The Stanton Library in North Sydney, NSW, Australia is the public library service of North Sydney Council. Established in 1964, it was named after the Mayor of North Sydney from 1937 to 1939, James Street Stanton, who was a supporter of the Free Library Movement.

History
In November 1943, three months after Stanton's death, North Sydney Council voted to create a library, with planning starting in 1945 on the "Stanton Memorial Library" as a part of a broader "Civic Centre" planned for the site on Miller Street bounded by Maclaren and Ridge streets at an estimated cost of £20,000. However, various delays including land acquisition issues meant that the "Civic Centre" plans never came to be fully realised, and the Stanton Library was not opened until 8 February 1964, when Governor Sir Eric Woodward performed the honours.

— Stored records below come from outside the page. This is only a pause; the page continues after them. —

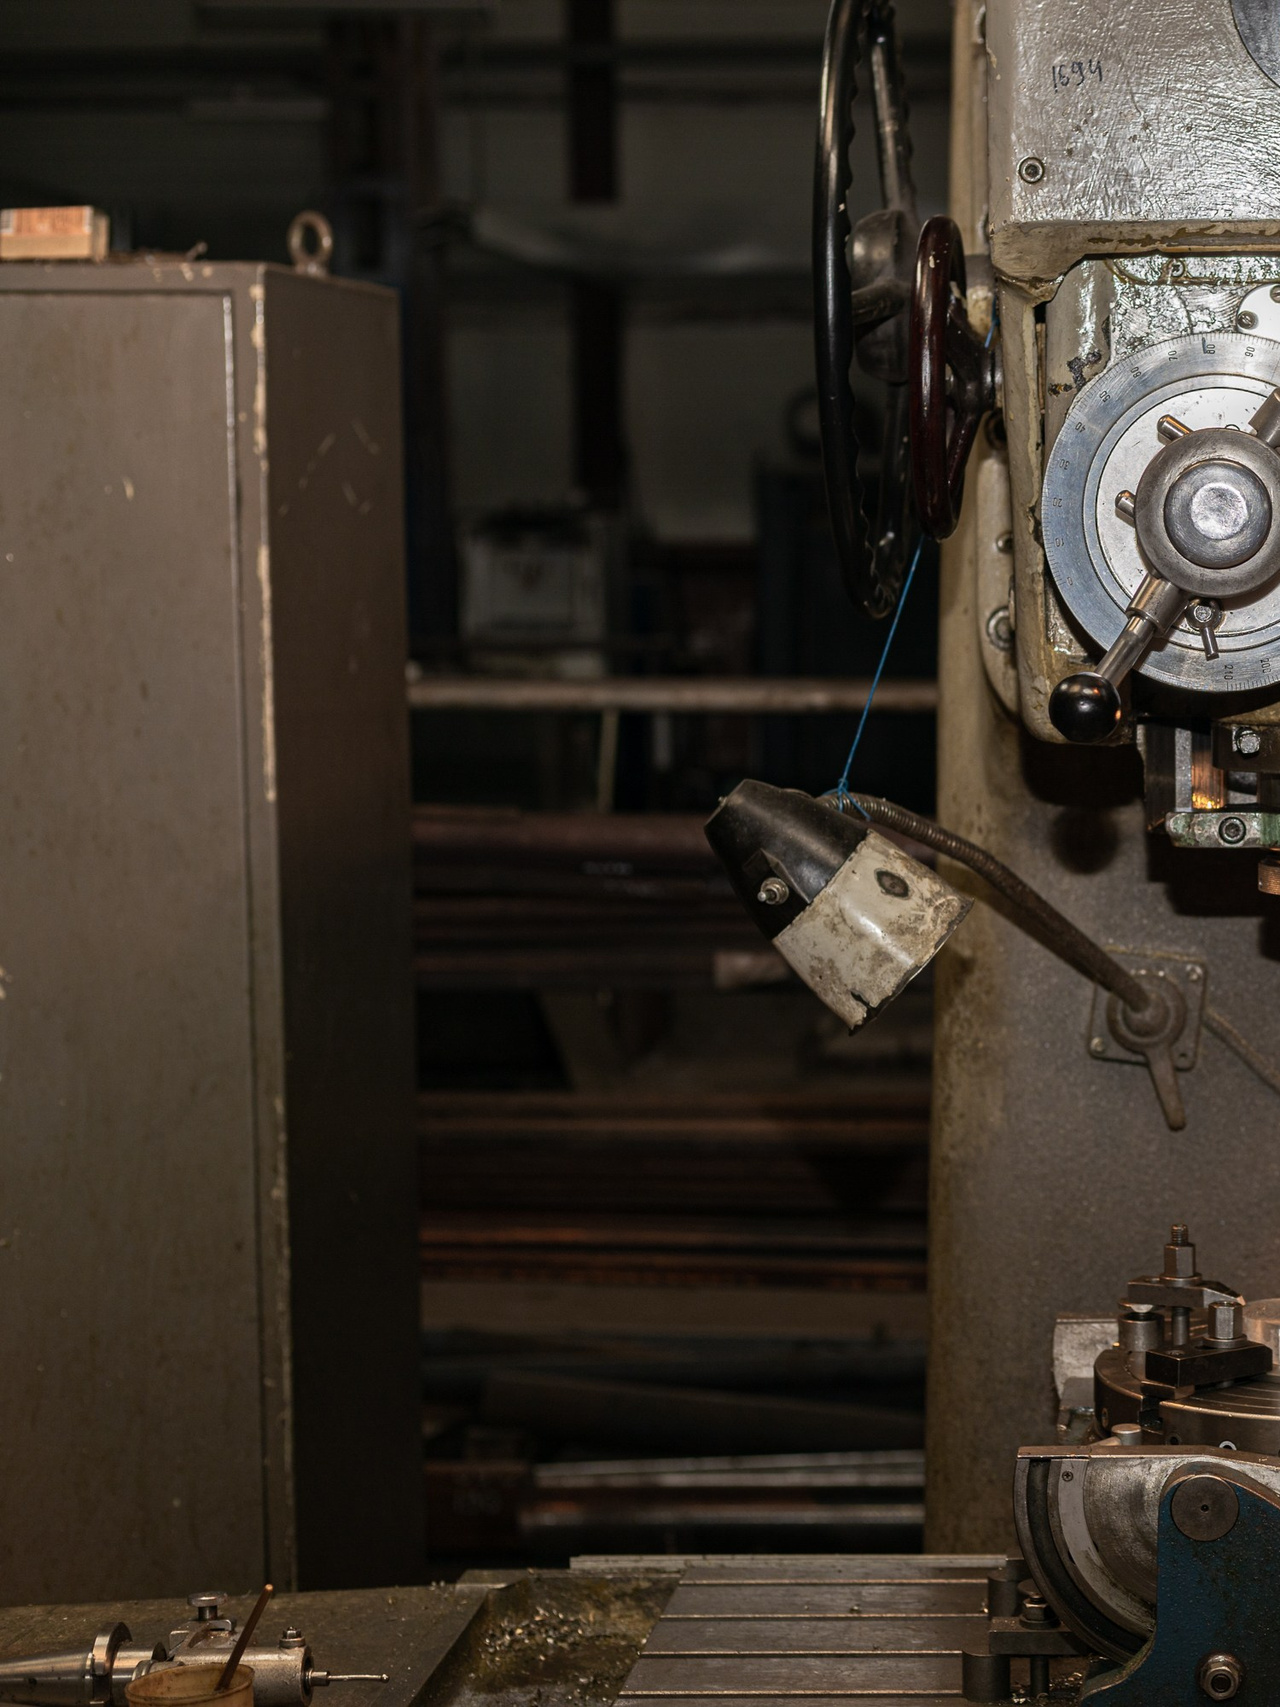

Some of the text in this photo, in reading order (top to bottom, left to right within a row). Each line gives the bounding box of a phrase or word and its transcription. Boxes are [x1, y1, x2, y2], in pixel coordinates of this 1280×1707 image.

[1167, 350, 1178, 361] 70
[1244, 346, 1255, 358] 90
[1099, 390, 1111, 402] 50
[1074, 421, 1086, 433] 40
[1223, 664, 1234, 681] 210
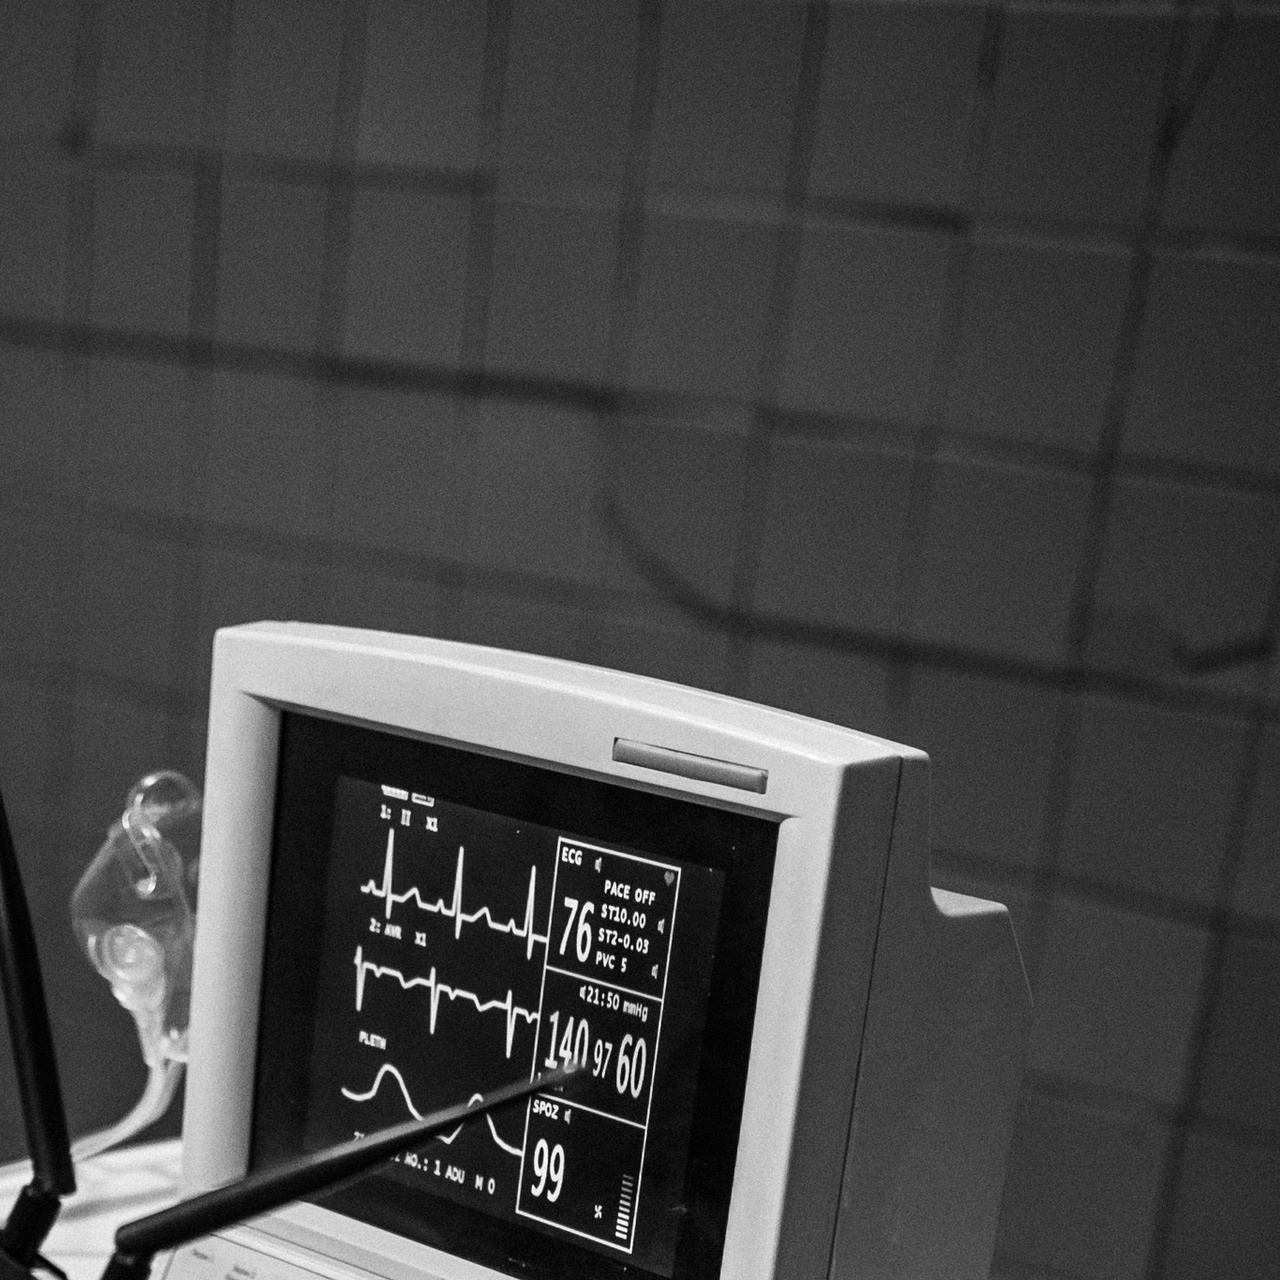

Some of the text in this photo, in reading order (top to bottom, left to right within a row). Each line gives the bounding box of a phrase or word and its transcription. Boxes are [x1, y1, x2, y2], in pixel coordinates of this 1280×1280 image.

[561, 846, 583, 866] ECG
[604, 879, 656, 906] PACE OFF
[559, 896, 595, 963] 76
[595, 951, 628, 973] PVC 5
[586, 985, 648, 1023] 21:50 mmHg
[544, 1010, 647, 1099] 140 97 60
[433, 1159, 441, 1176] 1
[445, 1165, 466, 1184] ADU
[475, 1174, 484, 1191] M
[530, 1138, 565, 1203] 99
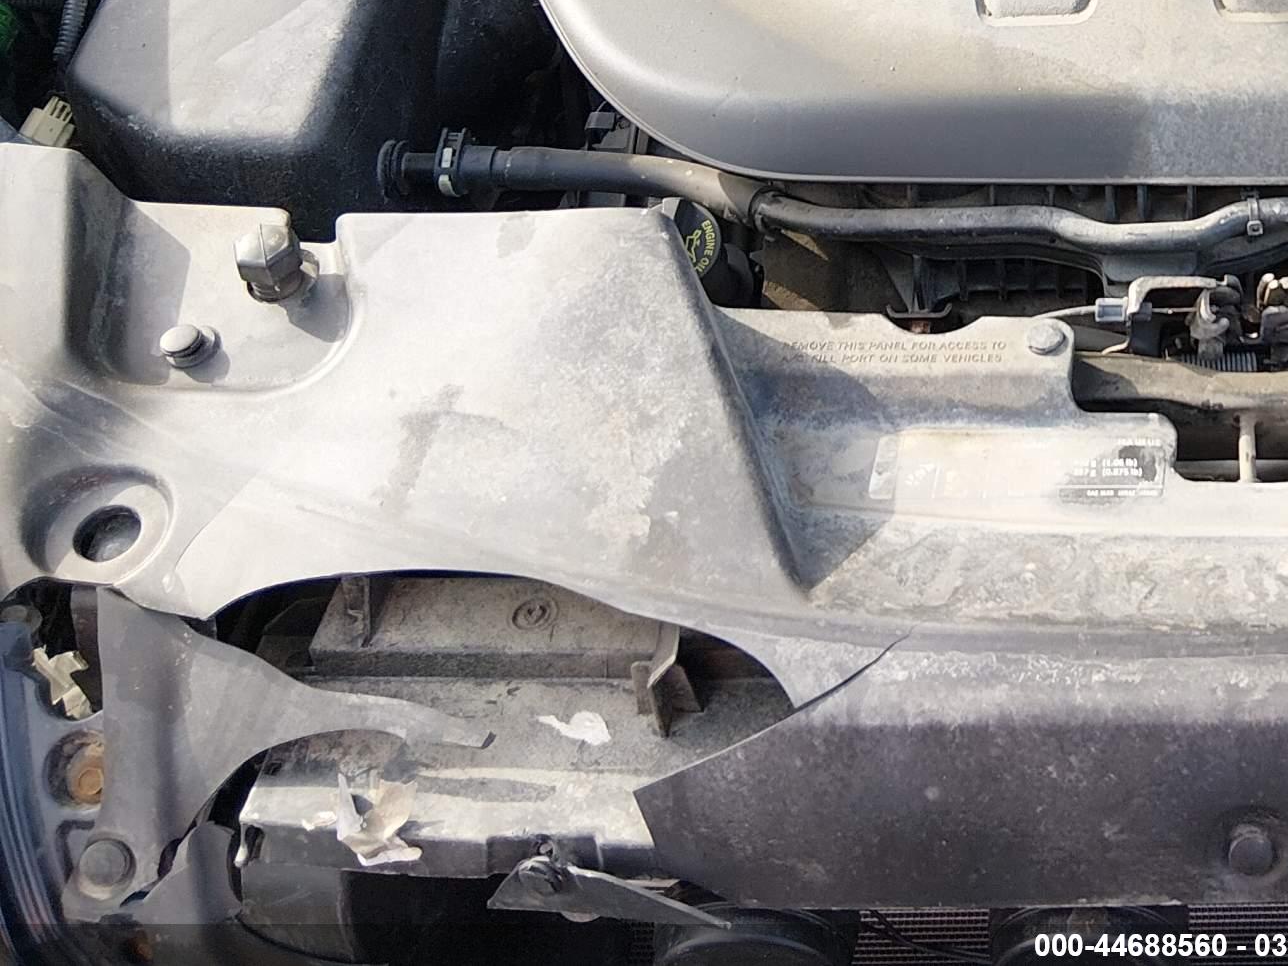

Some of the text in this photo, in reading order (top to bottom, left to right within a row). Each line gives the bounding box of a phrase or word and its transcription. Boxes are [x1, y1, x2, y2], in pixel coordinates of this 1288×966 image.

[694, 220, 715, 272] ENGINE OIL
[783, 340, 1007, 351] REMOVE THIS PANEL FOR ACCESS TO
[842, 354, 874, 363] PORT
[879, 354, 898, 363] ON
[902, 354, 937, 363] SOME
[944, 354, 1003, 363] VEHICLES

The first library building was of a striking modernist design, with a curtain wall facade. Designed by Council architect John L. Browne, it was built by J.P. Cordukes Pty. Ltd. of Concord, and the interior designed by Marion Hall Best. In 1987, mayor Ted Mack commissioned construction on alterations and additions to the 1964 library, designed by Feiko Bouman, which were completed in 1988.

References

Libraries in Sydney
Public libraries in Australia
North Sydney, New South Wales
North Sydney Council
Library buildings completed in 1964
Library buildings completed in 1988
1964 establishments in Australia
Libraries established in 1964
Modernist architecture in Australia
International Style (architecture)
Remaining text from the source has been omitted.